======== Records to use ========

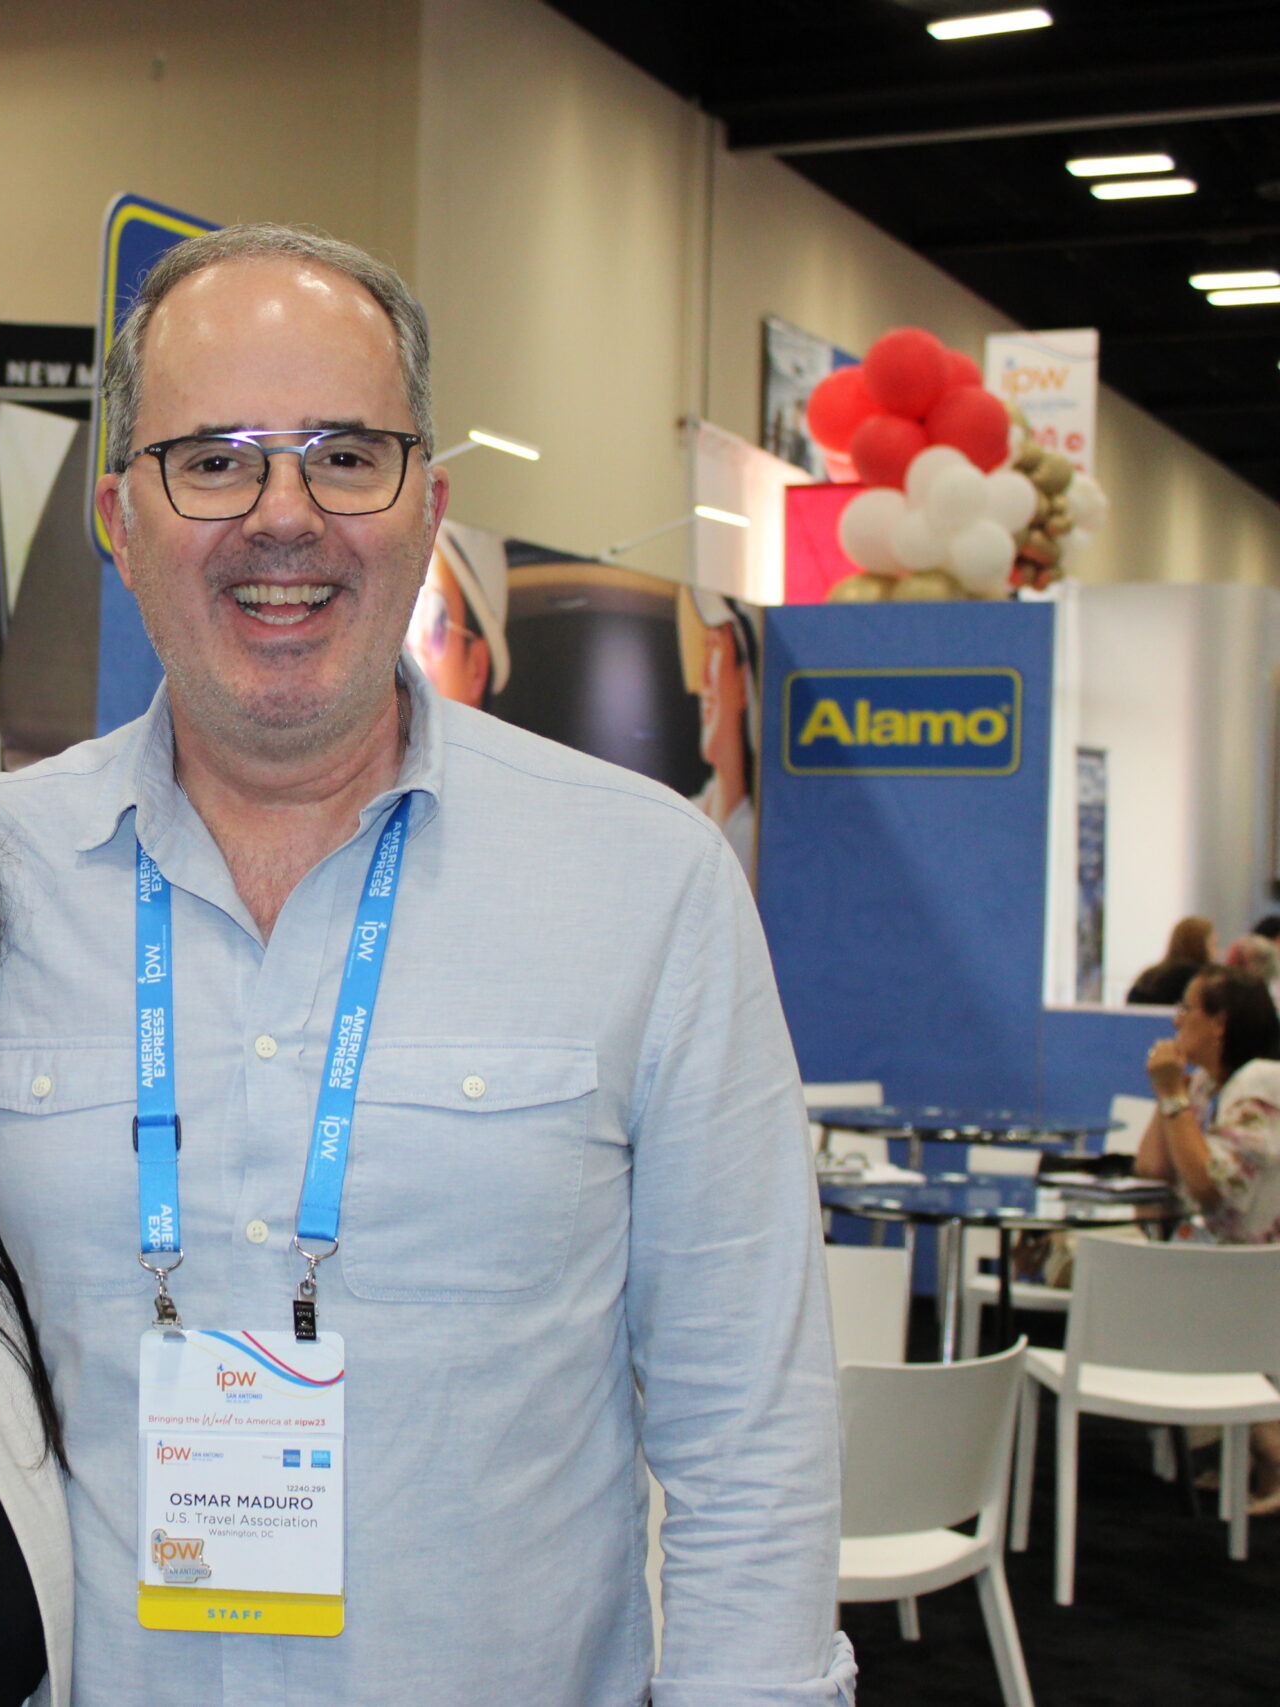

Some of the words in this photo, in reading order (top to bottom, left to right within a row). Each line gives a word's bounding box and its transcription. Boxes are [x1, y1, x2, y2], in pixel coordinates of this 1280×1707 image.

[6, 360, 71, 386] NEW
[1001, 359, 1069, 400] ipw
[798, 698, 1008, 746] Alamo
[369, 831, 391, 897] EXPRESS
[379, 821, 402, 898] AMERICAN
[357, 921, 387, 962] ipw
[138, 945, 167, 984] ipw
[140, 1008, 154, 1088] AMERICAN
[153, 1007, 166, 1077] EXPRESS
[328, 1014, 354, 1088] EXPRESS
[340, 1005, 368, 1090] AMERICAN
[319, 1115, 350, 1162] ipw
[216, 1364, 257, 1392] ipw
[148, 1415, 183, 1425] Bringing
[186, 1415, 200, 1424] the
[235, 1417, 243, 1425] to
[246, 1417, 281, 1425] America
[156, 1441, 191, 1464] ipw
[165, 1511, 190, 1524] U.S.
[195, 1512, 236, 1525] Travel
[240, 1514, 319, 1528] Association
[170, 1492, 231, 1507] OSMAR
[237, 1495, 314, 1510] MADURO
[154, 1533, 201, 1567] ipw
[209, 1528, 258, 1538] Washington,
[261, 1529, 275, 1538] DC
[207, 1608, 263, 1620] STAFF
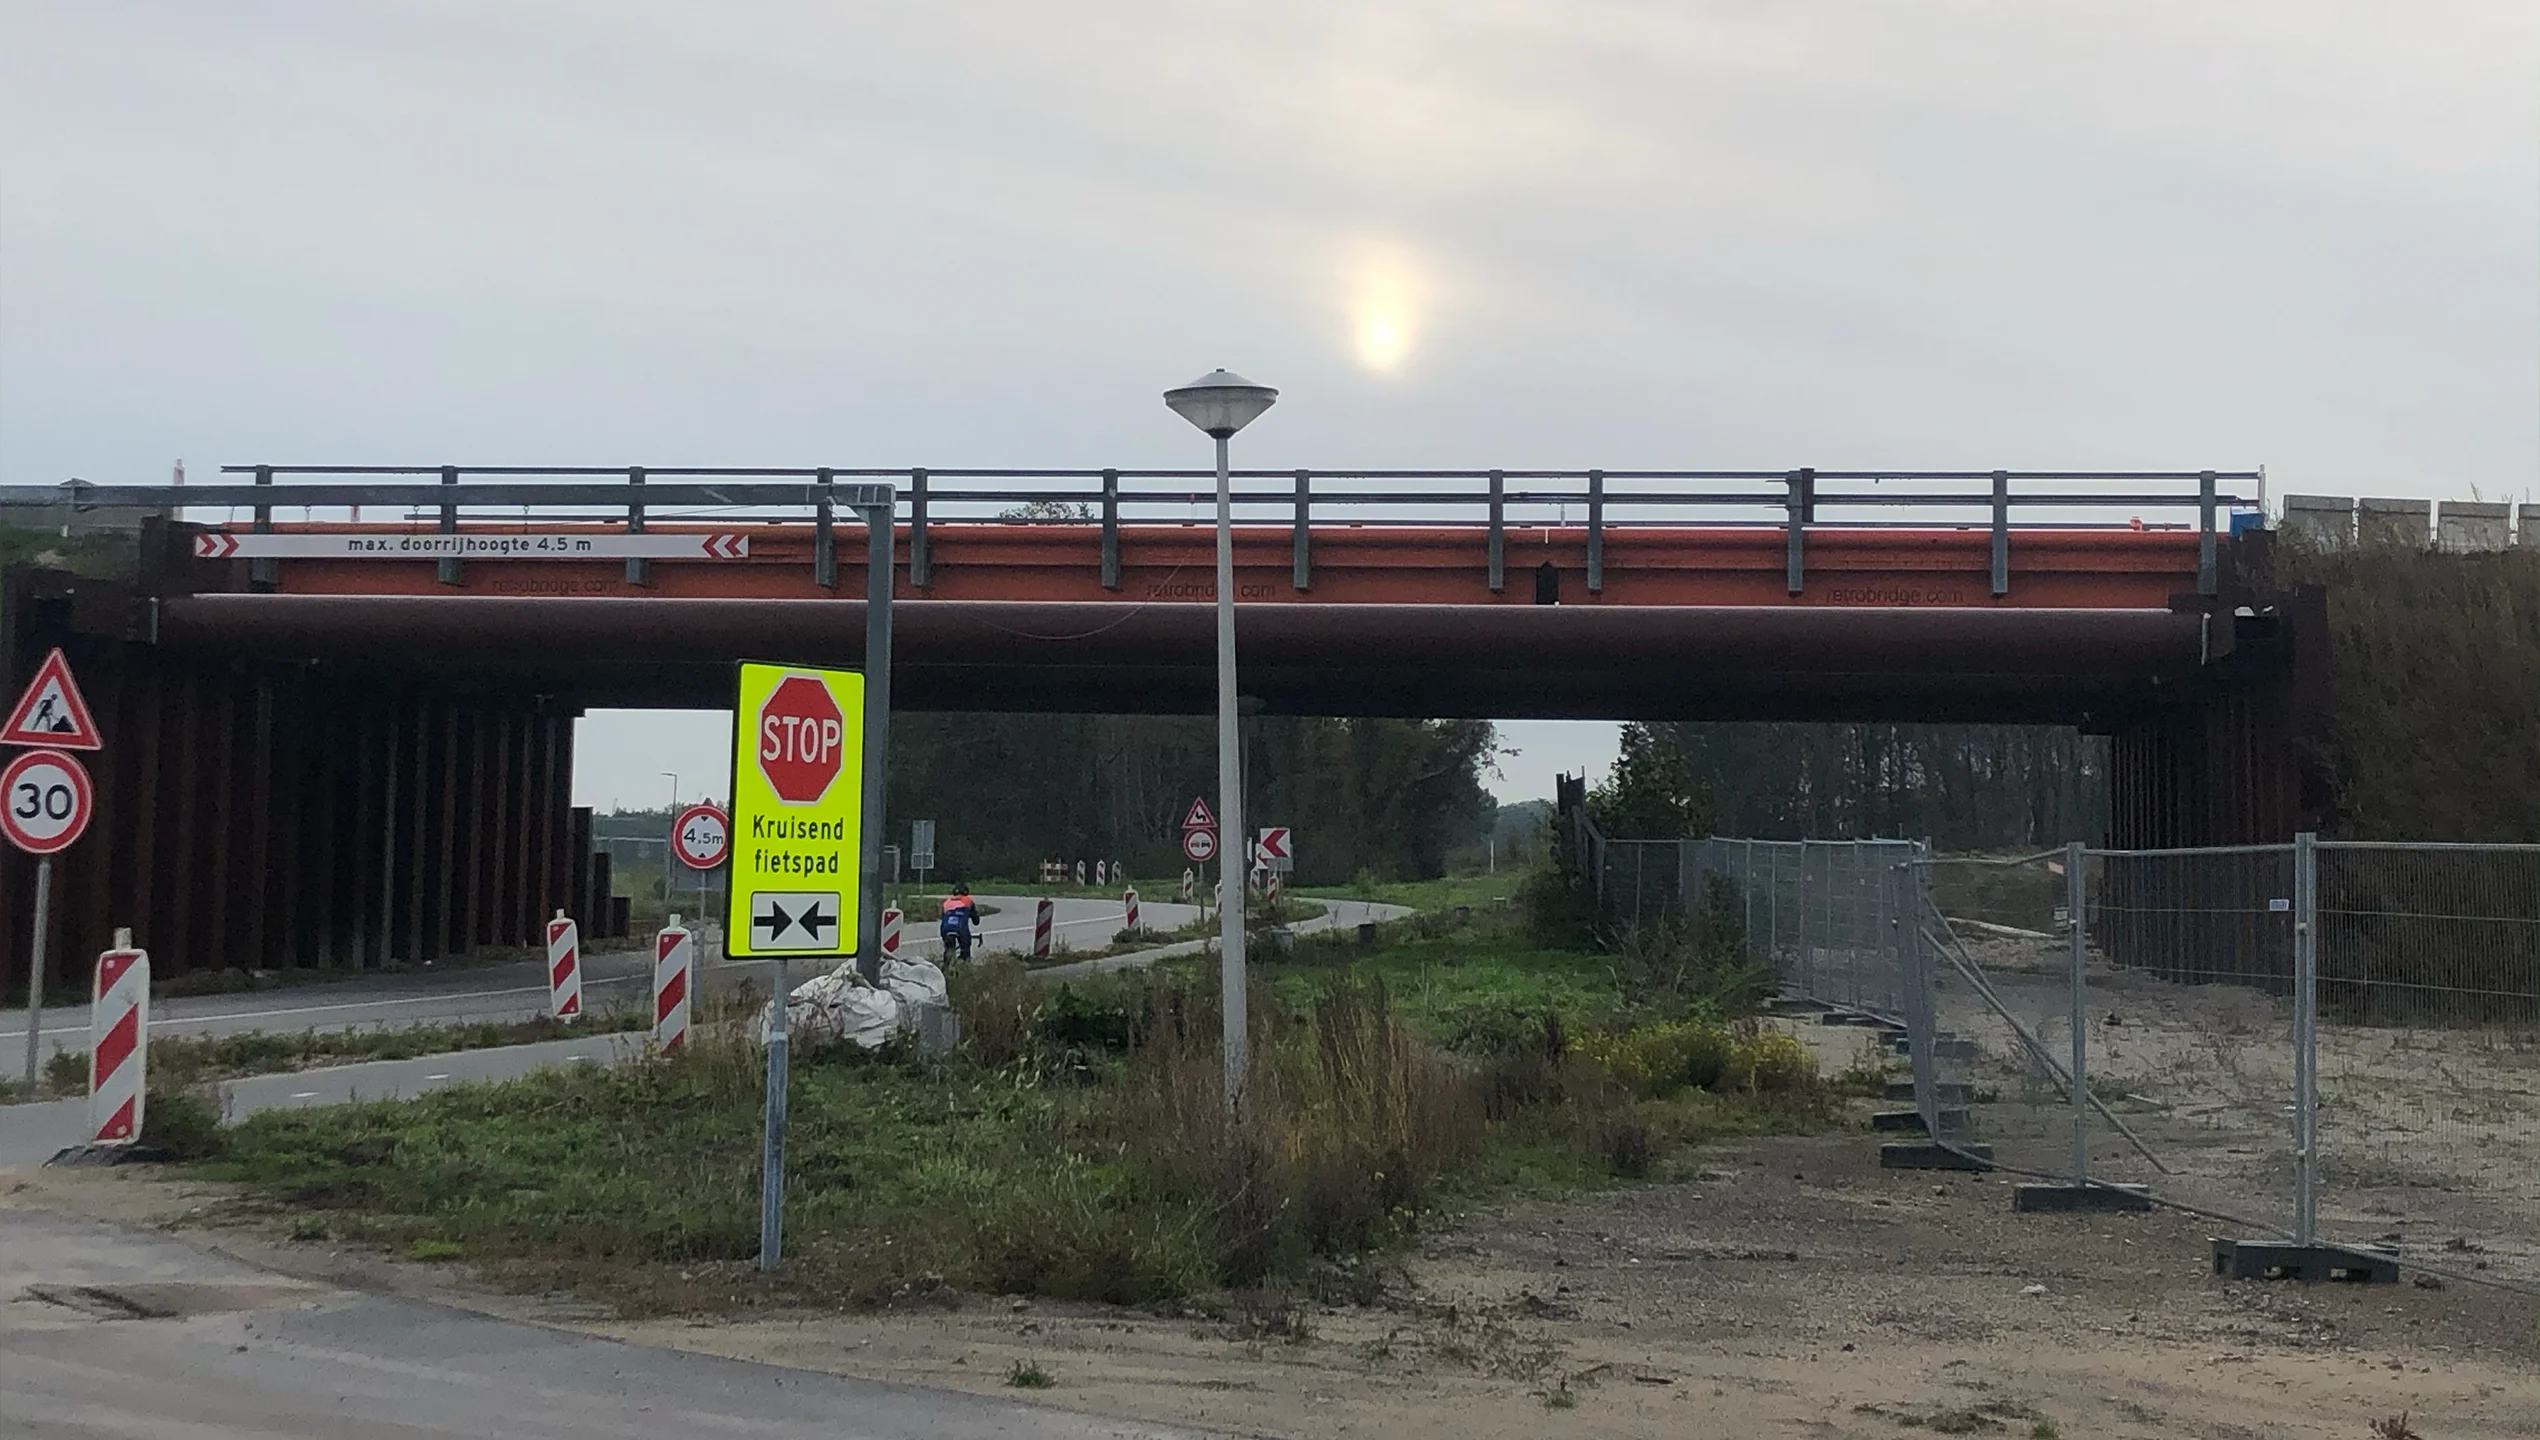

========

### Exercise details
Transcribe the whole listing above exactly and leave out the pictures.

### Result of this exercise
Some of the words in this photo, in reading order (top to bottom, left to right within a row). Each line gives a word's bounding box and its transcription. Boxes are [x1, y1, x2, y2], in pixel coordinates of this 1280×1707 image.

[6, 360, 71, 386] NEW
[1001, 359, 1069, 400] ipw
[798, 698, 1008, 746] Alamo
[369, 831, 391, 897] EXPRESS
[379, 821, 402, 898] AMERICAN
[357, 921, 387, 962] ipw
[138, 945, 167, 984] ipw
[140, 1008, 154, 1088] AMERICAN
[153, 1007, 166, 1077] EXPRESS
[328, 1014, 354, 1088] EXPRESS
[340, 1005, 368, 1090] AMERICAN
[319, 1115, 350, 1162] ipw
[216, 1364, 257, 1392] ipw
[148, 1415, 183, 1425] Bringing
[186, 1415, 200, 1424] the
[235, 1417, 243, 1425] to
[246, 1417, 281, 1425] America
[156, 1441, 191, 1464] ipw
[165, 1511, 190, 1524] U.S.
[195, 1512, 236, 1525] Travel
[240, 1514, 319, 1528] Association
[170, 1492, 231, 1507] OSMAR
[237, 1495, 314, 1510] MADURO
[154, 1533, 201, 1567] ipw
[209, 1528, 258, 1538] Washington,
[261, 1529, 275, 1538] DC
[207, 1608, 263, 1620] STAFF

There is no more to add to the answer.